Copy out each entry below verbatim, skipping the images.

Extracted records
Segment Open

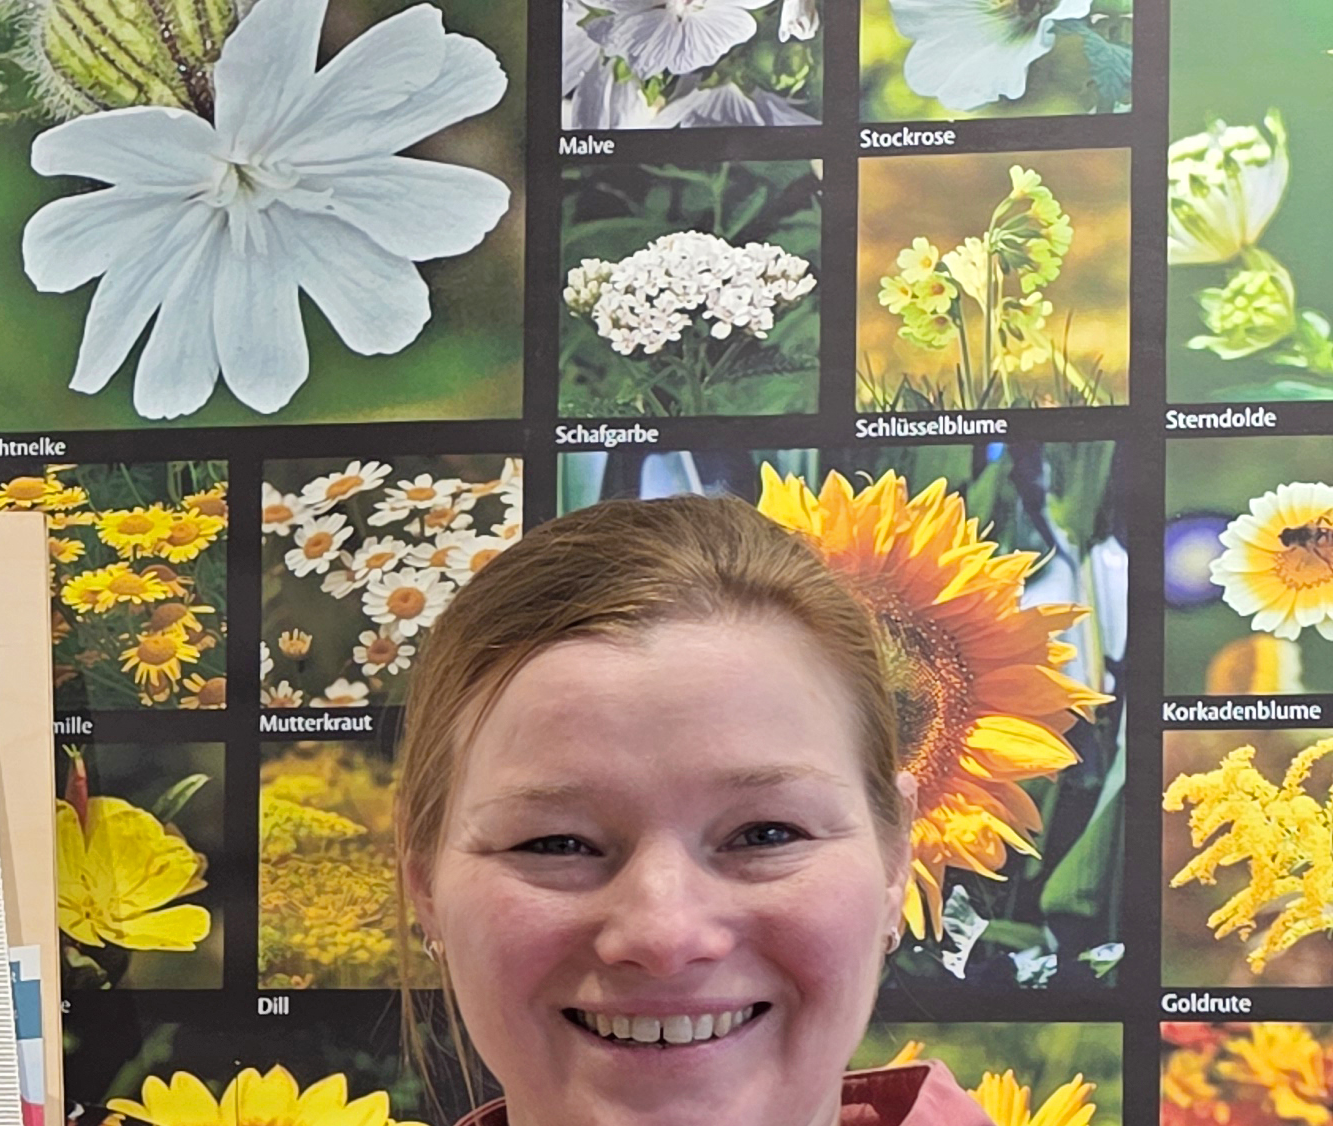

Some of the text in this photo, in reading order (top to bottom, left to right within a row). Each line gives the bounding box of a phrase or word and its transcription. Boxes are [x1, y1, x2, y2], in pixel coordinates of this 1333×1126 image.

[558, 134, 615, 155] Malve
[860, 126, 956, 149] Stockrose
[855, 414, 1008, 438] Schlüsselblume
[1165, 406, 1277, 429] Sterndolde
[555, 423, 659, 448] Schafgarbe
[1162, 698, 1322, 721] Korkadenblume
[259, 713, 373, 732] Mutterkraut
[257, 996, 290, 1016] Dill
[1161, 992, 1252, 1013] Goldrute
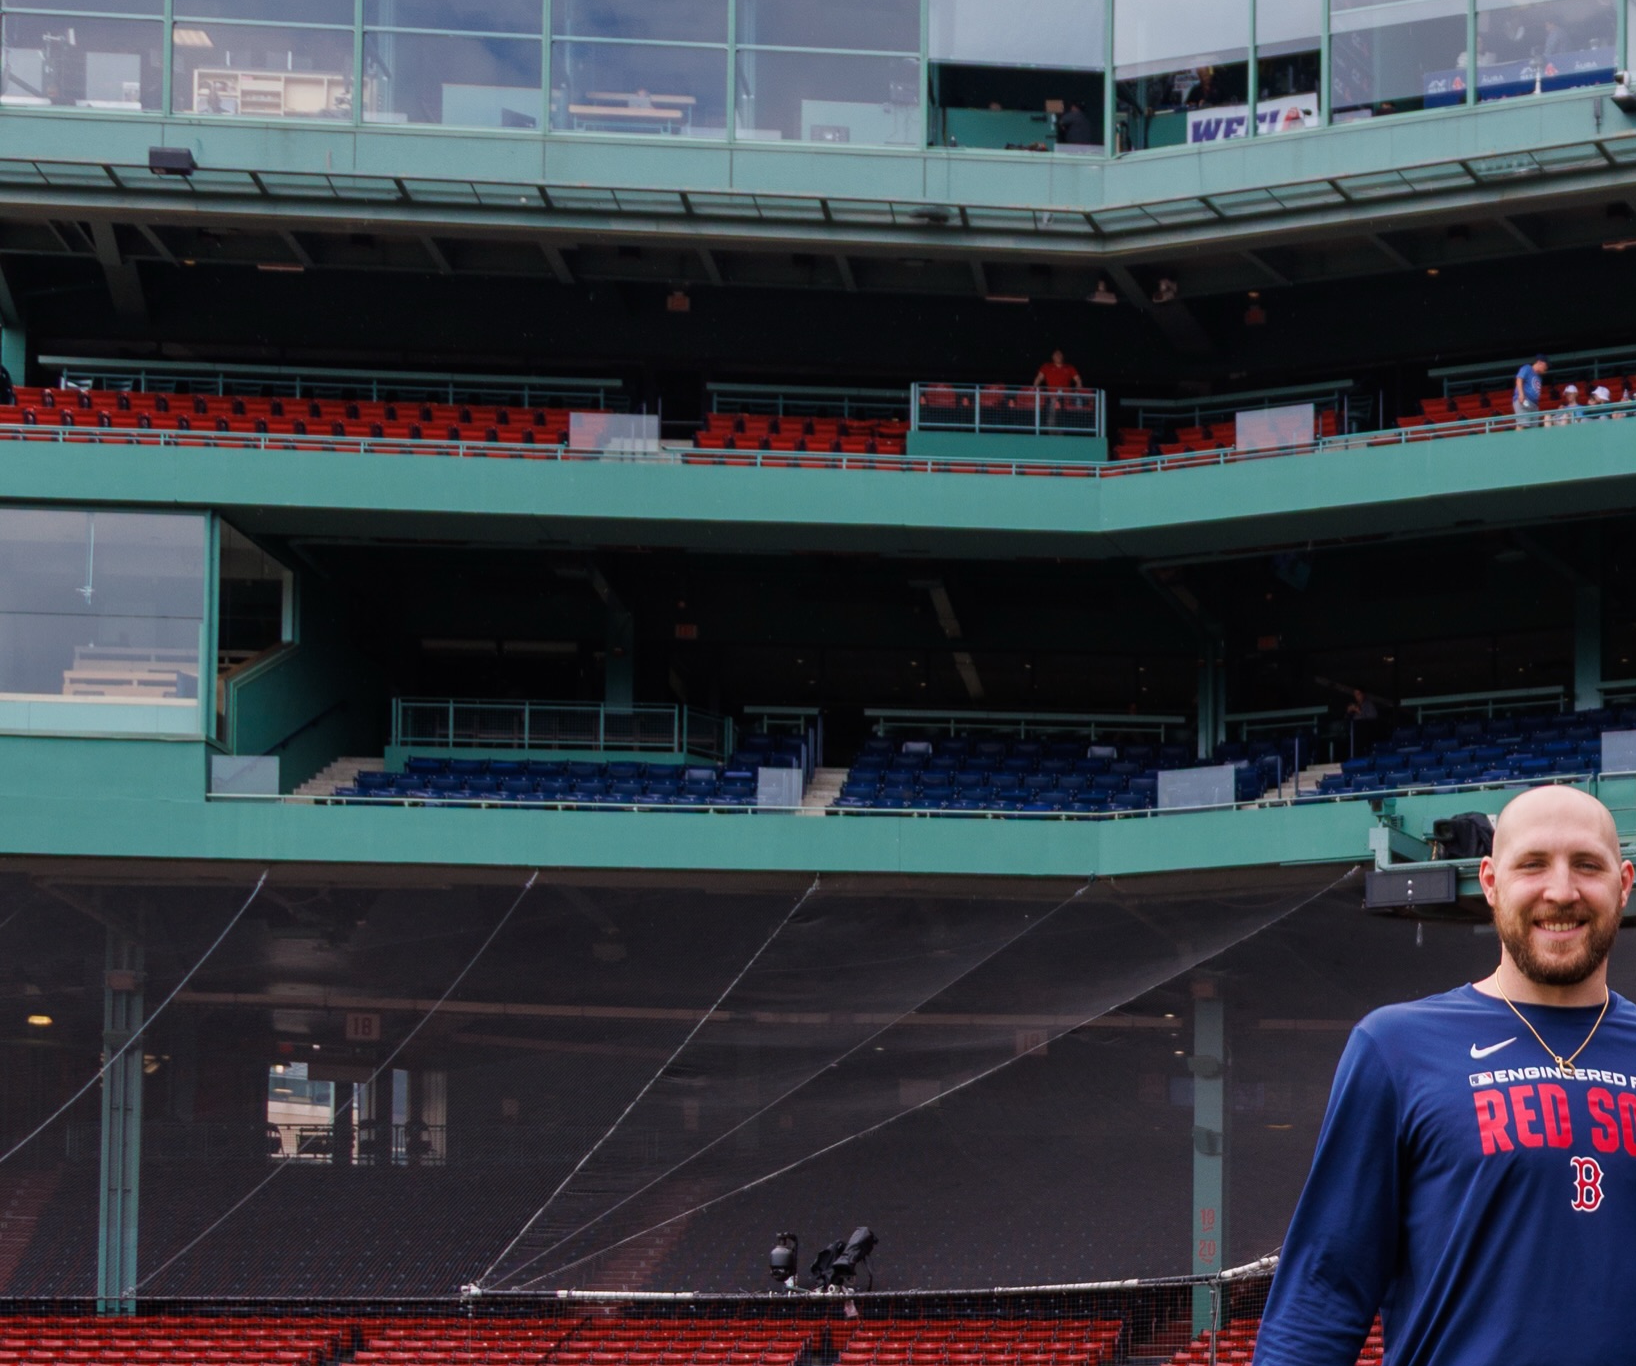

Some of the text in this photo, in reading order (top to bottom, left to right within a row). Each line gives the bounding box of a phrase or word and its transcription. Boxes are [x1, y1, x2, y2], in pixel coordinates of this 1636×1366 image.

[354, 1017, 372, 1036] 18
[1473, 1083, 1573, 1155] RED
[1570, 1156, 1604, 1212] B
[1198, 1240, 1216, 1257] 20
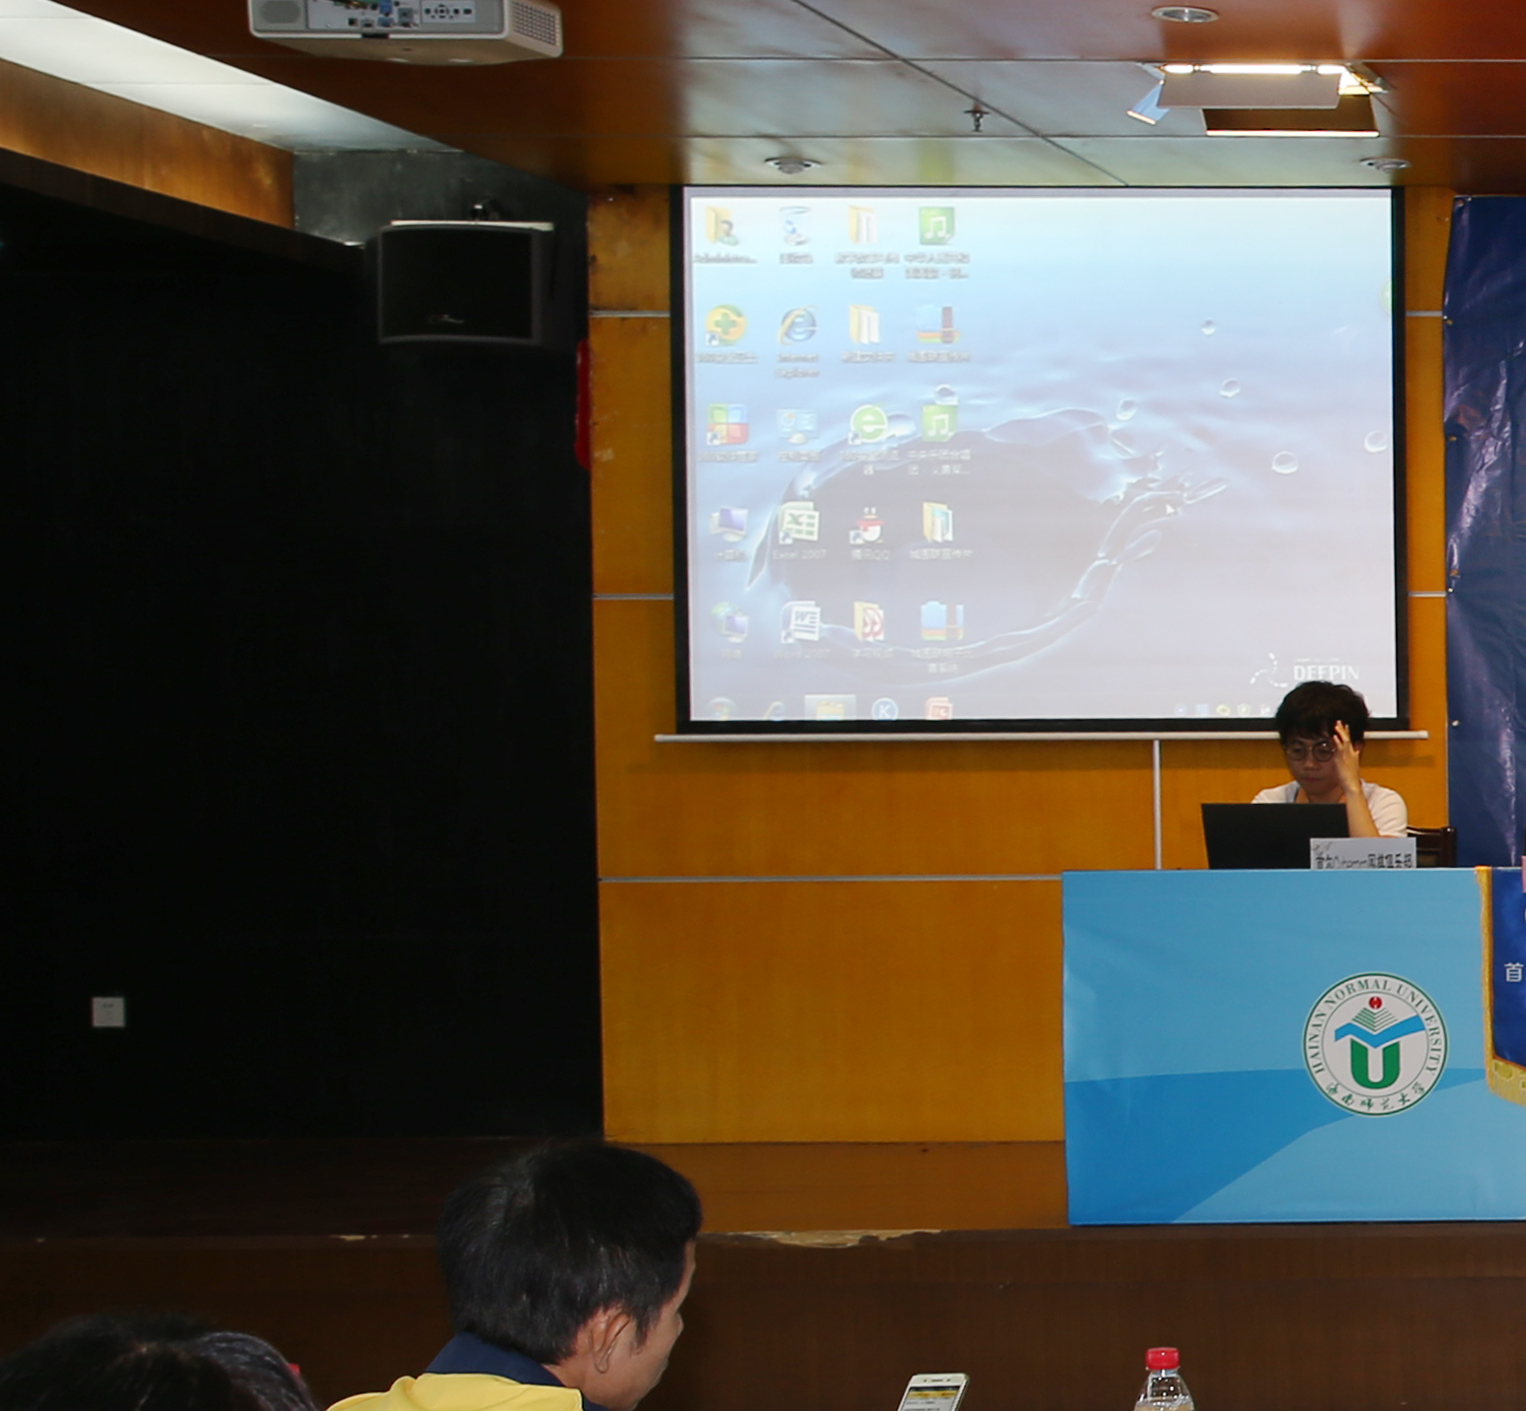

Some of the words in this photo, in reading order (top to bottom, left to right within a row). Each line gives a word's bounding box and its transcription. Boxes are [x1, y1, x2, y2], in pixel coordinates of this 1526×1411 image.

[1294, 664, 1360, 681] DEEPIN
[1307, 1011, 1325, 1074] HAINAN
[1324, 979, 1392, 1009] NORMAL
[1396, 982, 1442, 1075] UNIVERSITY
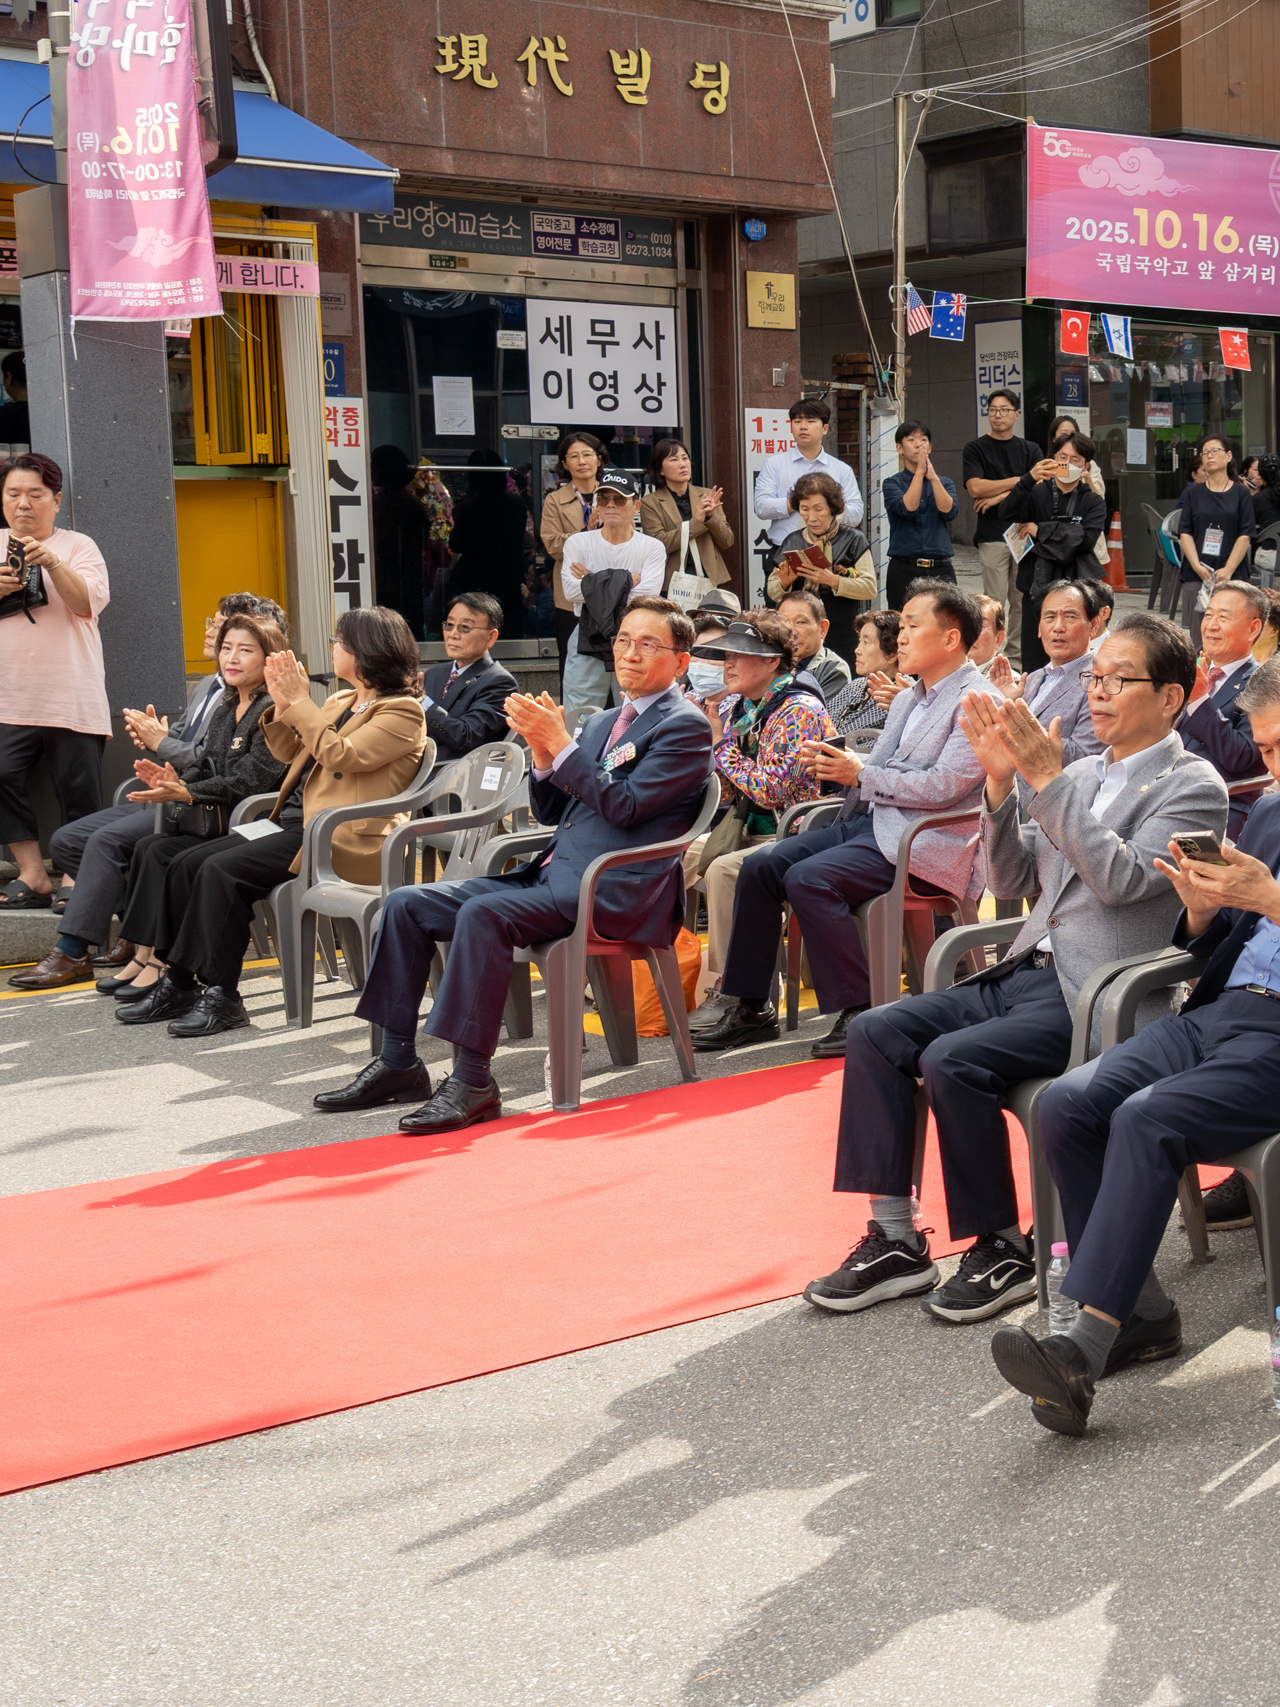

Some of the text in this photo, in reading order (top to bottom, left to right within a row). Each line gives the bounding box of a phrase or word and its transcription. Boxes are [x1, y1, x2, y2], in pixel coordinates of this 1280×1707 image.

[434, 33, 730, 115] 現代 빌딩
[535, 217, 615, 236] 국악중고 소수정예
[482, 242, 522, 252] ENGLISH
[536, 235, 616, 255] 영어전문 학습코칭
[650, 232, 672, 245] (010)
[1248, 235, 1280, 258] (목)
[625, 244, 673, 257] 6273.1034
[240, 262, 304, 289] 합니다.
[1095, 252, 1189, 277] 국립국악고
[1198, 260, 1216, 281] 앞
[1222, 263, 1276, 286] 삼거리
[538, 314, 666, 361] 세무사
[978, 364, 1021, 389] 리더스
[542, 368, 667, 413] 이영상
[1067, 383, 1079, 398] 28

Segment Closed

Task answer |
Some of the text in this photo, in reading order (top to bottom, left to right within a row). Each line gives the bounding box of a phrase or word and its transcription. Boxes are [x1, y1, x2, y2], in pixel coordinates of this 1333×1126 image.

[558, 134, 615, 155] Malve
[860, 126, 956, 149] Stockrose
[855, 414, 1008, 438] Schlüsselblume
[1165, 406, 1277, 429] Sterndolde
[555, 423, 659, 448] Schafgarbe
[1162, 698, 1322, 721] Korkadenblume
[259, 713, 373, 732] Mutterkraut
[257, 996, 290, 1016] Dill
[1161, 992, 1252, 1013] Goldrute

Some of the text in this photo, in reading order (top to bottom, left to right within a row). Each line gives the bounding box of a phrase or word and its transcription. Boxes are [x1, y1, x2, y2], in pixel coordinates of this 1636×1366 image.

[354, 1017, 372, 1036] 18
[1473, 1083, 1573, 1155] RED
[1570, 1156, 1604, 1212] B
[1198, 1240, 1216, 1257] 20

Some of the words in this photo, in reading order (top to bottom, left to right within a row). Each line gives a word's bounding box and its transcription. Boxes are [x1, y1, x2, y2], in pixel coordinates of this 1526×1411 image.

[1294, 664, 1360, 681] DEEPIN
[1307, 1011, 1325, 1074] HAINAN
[1324, 979, 1392, 1009] NORMAL
[1396, 982, 1442, 1075] UNIVERSITY

Some of the text in this photo, in reading order (top to bottom, left to right within a row). Each line gives the bounding box of a phrase or word and its transcription. Boxes are [x1, y1, x2, y2], in pixel coordinates of this 1280×1707 image.

[434, 33, 730, 115] 現代 빌딩
[535, 217, 615, 236] 국악중고 소수정예
[482, 242, 522, 252] ENGLISH
[536, 235, 616, 255] 영어전문 학습코칭
[650, 232, 672, 245] (010)
[1248, 235, 1280, 258] (목)
[625, 244, 673, 257] 6273.1034
[240, 262, 304, 289] 합니다.
[1095, 252, 1189, 277] 국립국악고
[1198, 260, 1216, 281] 앞
[1222, 263, 1276, 286] 삼거리
[538, 314, 666, 361] 세무사
[978, 364, 1021, 389] 리더스
[542, 368, 667, 413] 이영상
[1067, 383, 1079, 398] 28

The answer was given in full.